If you want to stop social networking services from exploiting your likeness for advertising, you've got to start paying up.
Some or all of the Service may be supported by advertising revenue. To help us deliver interesting paid or sponsored content or promotions, you agree that a business or other entity may pay us to display your username, likeness, photos (along with any associated metadata), and/or actions you take, in connection with paid or sponsored content or promotions, without any compensation to you.
Note the key parenthetical -- "(along with any associated metadata)" -- which you could read as "location data." In essence, if you go to the Palms in Las Vegas and snap a pic...
Not that any of this is all that surprising. It's a free service that's been focused on building user engagement, et cetera, in hopes of selling that engagement to advertisers.
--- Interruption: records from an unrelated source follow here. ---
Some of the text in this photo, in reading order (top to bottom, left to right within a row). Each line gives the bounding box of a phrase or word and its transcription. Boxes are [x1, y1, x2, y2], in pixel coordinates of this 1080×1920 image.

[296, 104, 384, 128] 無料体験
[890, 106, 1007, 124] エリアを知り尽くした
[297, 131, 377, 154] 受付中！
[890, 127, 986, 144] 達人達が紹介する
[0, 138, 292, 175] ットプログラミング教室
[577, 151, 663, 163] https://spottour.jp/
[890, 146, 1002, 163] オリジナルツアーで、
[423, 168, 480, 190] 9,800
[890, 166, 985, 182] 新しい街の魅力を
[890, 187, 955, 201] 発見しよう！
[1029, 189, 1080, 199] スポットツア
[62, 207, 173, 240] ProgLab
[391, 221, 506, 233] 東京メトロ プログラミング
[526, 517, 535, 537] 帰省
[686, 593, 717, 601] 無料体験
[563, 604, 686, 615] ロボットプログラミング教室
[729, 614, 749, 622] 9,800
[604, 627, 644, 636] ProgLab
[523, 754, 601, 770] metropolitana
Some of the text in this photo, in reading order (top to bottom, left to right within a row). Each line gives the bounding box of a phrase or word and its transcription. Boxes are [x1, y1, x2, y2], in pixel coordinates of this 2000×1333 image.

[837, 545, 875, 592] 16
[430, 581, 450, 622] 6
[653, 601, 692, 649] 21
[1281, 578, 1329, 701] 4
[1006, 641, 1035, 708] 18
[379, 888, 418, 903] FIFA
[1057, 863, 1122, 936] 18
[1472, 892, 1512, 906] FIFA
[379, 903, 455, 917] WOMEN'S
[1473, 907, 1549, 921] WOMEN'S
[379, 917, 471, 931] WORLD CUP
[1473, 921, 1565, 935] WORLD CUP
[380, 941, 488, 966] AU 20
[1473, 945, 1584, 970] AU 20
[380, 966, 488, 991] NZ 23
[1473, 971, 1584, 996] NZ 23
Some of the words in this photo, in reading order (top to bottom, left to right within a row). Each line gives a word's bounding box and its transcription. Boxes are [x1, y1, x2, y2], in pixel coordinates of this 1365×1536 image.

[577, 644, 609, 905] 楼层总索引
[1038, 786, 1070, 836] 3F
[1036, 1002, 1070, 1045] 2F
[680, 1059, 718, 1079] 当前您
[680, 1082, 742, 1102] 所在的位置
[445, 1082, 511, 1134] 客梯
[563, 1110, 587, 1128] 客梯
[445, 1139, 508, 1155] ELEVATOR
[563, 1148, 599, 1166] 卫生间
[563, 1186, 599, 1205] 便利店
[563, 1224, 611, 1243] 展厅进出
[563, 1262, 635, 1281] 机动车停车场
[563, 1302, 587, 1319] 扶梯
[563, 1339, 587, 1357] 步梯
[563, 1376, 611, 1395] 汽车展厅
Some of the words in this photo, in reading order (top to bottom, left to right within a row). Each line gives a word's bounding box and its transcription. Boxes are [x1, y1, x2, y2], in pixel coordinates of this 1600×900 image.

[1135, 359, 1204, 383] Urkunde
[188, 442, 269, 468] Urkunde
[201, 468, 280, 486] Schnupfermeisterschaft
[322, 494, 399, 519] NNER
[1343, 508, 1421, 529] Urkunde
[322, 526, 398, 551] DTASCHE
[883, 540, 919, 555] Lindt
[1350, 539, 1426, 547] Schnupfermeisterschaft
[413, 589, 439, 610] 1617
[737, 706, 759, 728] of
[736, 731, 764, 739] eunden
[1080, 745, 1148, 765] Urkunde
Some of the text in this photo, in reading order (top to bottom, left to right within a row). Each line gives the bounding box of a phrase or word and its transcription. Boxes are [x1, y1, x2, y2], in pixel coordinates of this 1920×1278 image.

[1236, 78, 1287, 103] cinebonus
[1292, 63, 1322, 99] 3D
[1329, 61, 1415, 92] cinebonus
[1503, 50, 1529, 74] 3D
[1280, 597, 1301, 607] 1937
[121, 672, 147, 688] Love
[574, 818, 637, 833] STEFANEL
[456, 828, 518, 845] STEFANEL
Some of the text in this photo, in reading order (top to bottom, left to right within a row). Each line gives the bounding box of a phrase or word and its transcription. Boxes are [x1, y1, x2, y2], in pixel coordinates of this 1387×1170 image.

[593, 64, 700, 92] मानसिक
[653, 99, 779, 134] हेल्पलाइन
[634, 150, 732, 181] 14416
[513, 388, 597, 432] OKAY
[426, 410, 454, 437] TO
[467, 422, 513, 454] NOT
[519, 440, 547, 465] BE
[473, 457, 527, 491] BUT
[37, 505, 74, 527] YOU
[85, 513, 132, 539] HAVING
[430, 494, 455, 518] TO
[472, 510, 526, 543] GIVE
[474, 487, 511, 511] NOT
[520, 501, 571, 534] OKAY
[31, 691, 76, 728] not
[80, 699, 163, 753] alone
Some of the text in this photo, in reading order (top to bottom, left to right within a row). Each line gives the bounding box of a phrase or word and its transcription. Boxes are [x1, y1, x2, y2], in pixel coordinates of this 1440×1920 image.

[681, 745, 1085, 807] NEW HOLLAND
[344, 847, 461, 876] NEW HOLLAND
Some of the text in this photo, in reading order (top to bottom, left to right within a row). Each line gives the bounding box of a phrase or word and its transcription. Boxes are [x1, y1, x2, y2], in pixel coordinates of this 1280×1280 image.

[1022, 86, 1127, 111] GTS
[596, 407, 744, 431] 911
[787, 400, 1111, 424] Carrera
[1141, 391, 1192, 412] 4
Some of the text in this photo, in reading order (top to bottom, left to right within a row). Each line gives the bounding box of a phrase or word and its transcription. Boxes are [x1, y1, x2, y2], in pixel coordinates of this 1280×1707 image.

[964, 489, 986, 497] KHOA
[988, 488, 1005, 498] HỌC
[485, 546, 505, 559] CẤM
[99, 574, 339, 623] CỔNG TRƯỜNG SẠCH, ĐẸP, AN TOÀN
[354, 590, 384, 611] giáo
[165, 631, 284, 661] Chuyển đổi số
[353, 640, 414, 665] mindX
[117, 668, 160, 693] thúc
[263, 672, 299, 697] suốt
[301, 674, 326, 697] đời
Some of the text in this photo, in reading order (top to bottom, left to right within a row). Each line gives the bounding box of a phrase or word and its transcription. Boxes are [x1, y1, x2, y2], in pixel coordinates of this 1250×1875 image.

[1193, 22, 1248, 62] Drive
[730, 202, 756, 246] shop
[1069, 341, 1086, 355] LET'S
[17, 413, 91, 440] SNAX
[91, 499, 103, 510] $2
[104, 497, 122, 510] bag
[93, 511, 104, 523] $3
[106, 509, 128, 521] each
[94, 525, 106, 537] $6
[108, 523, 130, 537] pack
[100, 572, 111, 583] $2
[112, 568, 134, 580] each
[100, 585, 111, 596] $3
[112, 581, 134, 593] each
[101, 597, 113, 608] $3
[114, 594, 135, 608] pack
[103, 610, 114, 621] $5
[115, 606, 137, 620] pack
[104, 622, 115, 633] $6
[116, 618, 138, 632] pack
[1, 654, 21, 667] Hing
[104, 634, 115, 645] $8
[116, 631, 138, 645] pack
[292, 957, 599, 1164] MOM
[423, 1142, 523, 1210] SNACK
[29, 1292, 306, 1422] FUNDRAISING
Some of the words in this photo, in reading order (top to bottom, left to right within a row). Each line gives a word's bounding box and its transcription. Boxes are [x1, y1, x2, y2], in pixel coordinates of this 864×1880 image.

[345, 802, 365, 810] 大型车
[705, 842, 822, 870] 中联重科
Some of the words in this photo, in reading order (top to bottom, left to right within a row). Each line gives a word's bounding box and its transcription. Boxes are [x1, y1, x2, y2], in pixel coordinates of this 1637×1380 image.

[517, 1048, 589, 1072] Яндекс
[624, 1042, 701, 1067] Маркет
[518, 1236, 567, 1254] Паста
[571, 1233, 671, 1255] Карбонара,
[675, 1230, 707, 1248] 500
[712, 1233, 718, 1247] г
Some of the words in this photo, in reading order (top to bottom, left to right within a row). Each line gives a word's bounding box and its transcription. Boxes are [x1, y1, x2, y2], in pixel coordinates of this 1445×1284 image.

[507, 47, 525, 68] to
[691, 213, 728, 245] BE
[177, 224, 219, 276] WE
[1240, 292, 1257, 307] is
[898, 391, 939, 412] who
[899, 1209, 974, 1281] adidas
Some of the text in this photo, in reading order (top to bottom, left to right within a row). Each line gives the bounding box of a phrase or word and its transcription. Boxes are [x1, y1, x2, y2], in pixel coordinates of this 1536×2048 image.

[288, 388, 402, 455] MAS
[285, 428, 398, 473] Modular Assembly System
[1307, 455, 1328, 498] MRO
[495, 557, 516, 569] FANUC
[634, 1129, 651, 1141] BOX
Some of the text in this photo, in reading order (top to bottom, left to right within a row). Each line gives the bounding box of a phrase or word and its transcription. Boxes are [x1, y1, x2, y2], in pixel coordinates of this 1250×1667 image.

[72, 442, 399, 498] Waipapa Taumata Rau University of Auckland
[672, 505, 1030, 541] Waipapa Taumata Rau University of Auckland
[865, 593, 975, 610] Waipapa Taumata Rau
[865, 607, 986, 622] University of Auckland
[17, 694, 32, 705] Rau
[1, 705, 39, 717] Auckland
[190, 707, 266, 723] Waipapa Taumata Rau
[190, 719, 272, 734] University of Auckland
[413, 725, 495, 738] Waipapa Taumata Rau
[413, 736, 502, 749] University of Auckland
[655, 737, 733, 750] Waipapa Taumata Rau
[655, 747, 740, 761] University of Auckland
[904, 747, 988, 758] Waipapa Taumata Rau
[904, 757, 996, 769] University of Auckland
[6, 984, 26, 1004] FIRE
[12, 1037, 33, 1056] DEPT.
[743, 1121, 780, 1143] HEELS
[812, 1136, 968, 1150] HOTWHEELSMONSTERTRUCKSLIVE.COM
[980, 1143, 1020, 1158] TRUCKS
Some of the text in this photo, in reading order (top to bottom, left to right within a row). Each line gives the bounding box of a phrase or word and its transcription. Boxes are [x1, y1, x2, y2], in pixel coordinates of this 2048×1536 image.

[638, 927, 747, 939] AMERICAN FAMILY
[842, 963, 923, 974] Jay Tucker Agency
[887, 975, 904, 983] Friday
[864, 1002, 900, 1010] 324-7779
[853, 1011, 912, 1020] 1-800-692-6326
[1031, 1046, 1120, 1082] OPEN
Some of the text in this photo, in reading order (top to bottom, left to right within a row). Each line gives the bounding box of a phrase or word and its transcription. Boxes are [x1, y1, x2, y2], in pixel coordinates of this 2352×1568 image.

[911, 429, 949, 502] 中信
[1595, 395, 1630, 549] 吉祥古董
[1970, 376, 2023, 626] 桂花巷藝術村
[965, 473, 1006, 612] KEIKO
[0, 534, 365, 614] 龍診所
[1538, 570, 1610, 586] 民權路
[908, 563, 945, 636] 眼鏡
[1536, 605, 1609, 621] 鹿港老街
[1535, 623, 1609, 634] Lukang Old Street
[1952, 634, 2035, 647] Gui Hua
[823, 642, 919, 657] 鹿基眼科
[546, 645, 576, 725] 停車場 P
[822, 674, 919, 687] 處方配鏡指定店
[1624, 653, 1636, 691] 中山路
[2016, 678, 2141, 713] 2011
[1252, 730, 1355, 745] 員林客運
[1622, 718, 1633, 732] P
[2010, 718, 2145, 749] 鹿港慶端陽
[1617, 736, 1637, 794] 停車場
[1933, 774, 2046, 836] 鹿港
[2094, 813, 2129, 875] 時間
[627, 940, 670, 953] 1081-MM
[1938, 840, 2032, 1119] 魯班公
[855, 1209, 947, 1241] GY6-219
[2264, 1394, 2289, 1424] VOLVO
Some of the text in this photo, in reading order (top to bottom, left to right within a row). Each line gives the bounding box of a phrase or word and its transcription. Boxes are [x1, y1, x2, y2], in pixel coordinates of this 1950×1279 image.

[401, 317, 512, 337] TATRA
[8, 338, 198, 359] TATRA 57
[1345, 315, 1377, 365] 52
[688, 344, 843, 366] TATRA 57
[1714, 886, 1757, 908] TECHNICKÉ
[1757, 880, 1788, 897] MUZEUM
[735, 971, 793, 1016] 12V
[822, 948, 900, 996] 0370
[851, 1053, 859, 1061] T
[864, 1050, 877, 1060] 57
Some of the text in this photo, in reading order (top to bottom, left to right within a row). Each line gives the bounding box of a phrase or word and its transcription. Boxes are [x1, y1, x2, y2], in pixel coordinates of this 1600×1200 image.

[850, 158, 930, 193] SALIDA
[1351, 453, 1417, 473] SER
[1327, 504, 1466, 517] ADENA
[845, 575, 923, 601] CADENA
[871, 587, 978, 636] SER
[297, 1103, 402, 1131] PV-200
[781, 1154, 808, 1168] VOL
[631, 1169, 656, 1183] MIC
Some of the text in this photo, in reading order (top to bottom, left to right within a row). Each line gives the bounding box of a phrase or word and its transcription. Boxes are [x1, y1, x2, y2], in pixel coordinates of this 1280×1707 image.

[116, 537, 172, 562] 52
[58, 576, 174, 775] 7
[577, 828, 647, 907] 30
Which reminds me of this wonderful mini-rant from Pinboard's Maciej Ceglowski, who identifies the key problem:
To avoid this problem, avoid mom-and-pop projects that don't take your money! You might call this the anti-free-software movement.
If every additional user is putting money in the developers' pockets, then you're less likely to see the site disappear overnight. If every new user is costing the developers money, and the site is really taking off, then get ready to read about those synergies.
To illustrate, I have prepared this handy chart:
Free Paid Stagnant losing money making money Growing losing more money making more money Exploding losing lots of money making lots of money
Under these conditions, companies have to sell themselves because they do not have a sustainable business. And when they're sold, they either A) get shut down or B) become part of an advertising machine, like Facebook's.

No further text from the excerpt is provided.